Sines, J., Rothnagel, R., Heel, M. v., Gaubatz, J. W., Morrisett, J. D., & Chiu, W. (1994). Electron cryomicroscopy and digital image processing of lipoprotein(a). Chemistry and Physics of Lipids, 67-68, 81-89. doi:10.1016/0009-3084(94)90126-0.


Cite as: https://hdl.handle.net/21.11116/0000-0009-8D5B-3
Abstract
Electron cryomicroscopy was used to study the structure of human lipoprotein(a) (Lp(a)), a plasma lipoprotein implicated in cardiovascular disease. An individual Lp(a) particle consists of a neutral lipid core within a shell of phospholipid, cholesterol and glycoprotein. In principle, electron cryomicroscopy images of single particles should contain structural detail attributable to the density differences among these components and the surrounding buffer.
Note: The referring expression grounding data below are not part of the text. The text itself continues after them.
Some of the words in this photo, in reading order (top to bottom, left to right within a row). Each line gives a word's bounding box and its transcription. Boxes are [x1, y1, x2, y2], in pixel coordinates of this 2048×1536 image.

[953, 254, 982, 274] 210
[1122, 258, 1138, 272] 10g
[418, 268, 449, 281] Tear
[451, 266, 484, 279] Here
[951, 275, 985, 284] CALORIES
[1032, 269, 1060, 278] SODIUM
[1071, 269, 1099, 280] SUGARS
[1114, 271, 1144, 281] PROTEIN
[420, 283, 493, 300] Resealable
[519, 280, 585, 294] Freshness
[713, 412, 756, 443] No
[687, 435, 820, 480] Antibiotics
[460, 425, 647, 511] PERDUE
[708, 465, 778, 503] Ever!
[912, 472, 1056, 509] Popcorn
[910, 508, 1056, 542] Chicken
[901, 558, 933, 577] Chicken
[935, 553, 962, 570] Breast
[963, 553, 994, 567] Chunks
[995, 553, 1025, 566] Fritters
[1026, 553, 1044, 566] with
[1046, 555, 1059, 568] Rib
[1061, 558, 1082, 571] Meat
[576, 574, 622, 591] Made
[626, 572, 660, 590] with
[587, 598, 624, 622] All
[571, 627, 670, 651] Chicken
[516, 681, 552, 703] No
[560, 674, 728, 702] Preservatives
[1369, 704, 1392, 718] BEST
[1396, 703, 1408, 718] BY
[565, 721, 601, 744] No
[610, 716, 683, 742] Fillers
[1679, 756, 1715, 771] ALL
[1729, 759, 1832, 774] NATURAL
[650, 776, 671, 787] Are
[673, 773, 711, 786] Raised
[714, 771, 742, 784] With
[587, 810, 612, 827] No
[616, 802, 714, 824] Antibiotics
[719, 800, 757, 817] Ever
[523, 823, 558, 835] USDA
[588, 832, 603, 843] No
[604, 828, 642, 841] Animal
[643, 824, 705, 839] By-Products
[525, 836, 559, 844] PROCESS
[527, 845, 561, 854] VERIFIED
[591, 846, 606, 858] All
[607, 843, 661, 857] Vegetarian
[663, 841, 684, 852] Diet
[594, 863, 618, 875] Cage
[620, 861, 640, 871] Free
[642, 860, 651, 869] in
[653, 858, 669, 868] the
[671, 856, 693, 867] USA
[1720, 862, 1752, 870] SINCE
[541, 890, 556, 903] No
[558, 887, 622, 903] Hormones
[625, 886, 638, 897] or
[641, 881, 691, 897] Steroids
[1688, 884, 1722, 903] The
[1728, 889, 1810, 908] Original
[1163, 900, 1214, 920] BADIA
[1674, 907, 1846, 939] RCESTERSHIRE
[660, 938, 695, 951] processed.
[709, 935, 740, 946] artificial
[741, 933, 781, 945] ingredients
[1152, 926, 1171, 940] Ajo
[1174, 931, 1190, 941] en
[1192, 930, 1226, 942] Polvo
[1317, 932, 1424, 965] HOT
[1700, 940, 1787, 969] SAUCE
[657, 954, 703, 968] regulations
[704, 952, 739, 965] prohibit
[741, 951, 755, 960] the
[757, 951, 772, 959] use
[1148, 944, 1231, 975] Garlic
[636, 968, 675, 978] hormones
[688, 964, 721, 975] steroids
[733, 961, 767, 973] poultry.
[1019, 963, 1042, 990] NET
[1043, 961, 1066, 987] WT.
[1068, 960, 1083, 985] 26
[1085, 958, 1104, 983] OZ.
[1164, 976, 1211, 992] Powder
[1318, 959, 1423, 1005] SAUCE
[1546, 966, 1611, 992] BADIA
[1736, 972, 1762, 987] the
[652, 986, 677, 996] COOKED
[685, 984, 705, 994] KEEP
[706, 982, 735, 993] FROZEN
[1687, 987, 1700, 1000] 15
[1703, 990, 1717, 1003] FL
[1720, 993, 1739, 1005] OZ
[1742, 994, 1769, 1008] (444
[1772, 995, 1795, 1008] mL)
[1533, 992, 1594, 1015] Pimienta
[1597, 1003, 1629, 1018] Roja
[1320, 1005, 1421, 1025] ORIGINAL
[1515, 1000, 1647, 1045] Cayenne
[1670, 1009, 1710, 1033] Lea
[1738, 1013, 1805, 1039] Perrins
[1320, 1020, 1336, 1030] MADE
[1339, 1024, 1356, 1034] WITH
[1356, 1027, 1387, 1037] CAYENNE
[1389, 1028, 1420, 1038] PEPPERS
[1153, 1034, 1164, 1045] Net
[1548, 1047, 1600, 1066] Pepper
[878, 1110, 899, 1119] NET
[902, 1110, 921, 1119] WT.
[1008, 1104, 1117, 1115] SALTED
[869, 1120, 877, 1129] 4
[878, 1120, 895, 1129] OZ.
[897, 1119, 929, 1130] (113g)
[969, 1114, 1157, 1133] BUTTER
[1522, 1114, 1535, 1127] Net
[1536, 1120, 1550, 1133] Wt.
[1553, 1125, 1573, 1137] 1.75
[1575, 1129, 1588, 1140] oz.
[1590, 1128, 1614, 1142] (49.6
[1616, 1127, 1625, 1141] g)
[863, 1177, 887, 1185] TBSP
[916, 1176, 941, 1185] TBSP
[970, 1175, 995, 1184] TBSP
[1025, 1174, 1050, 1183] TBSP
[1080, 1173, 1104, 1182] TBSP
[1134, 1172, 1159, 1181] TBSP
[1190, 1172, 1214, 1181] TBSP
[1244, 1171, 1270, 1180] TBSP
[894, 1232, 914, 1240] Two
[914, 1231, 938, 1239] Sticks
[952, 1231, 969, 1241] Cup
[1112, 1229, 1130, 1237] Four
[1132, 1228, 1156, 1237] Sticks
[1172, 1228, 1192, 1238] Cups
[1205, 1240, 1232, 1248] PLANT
We observed such structural detail in images of frozen, hydrated Lp(a) particles. Lp(a) particles appeared to be roughly spherical in shape with an average diameter of 210 Å. As is generally true for unstained samples in vitreous ice, imaged with a low electron dose, these images have low contrast with low signal-to-noise ratios. To increase the signal-to-noise ratio, we averaged classes of similar particles. We began with a set of 5813 randomly oriented Lp(a) particles and generated classes using a linear multivariate statistical method, followed by hierarchical ascendent classification. Our initial classification, based on only the first eight eigenvectors, separated particles on the basis of gross size and shape. After a rough reference-free alignment step, a second classification used the finer details in the images. This approach yielded class averages with structural detail only faintly visible in the raw, single images.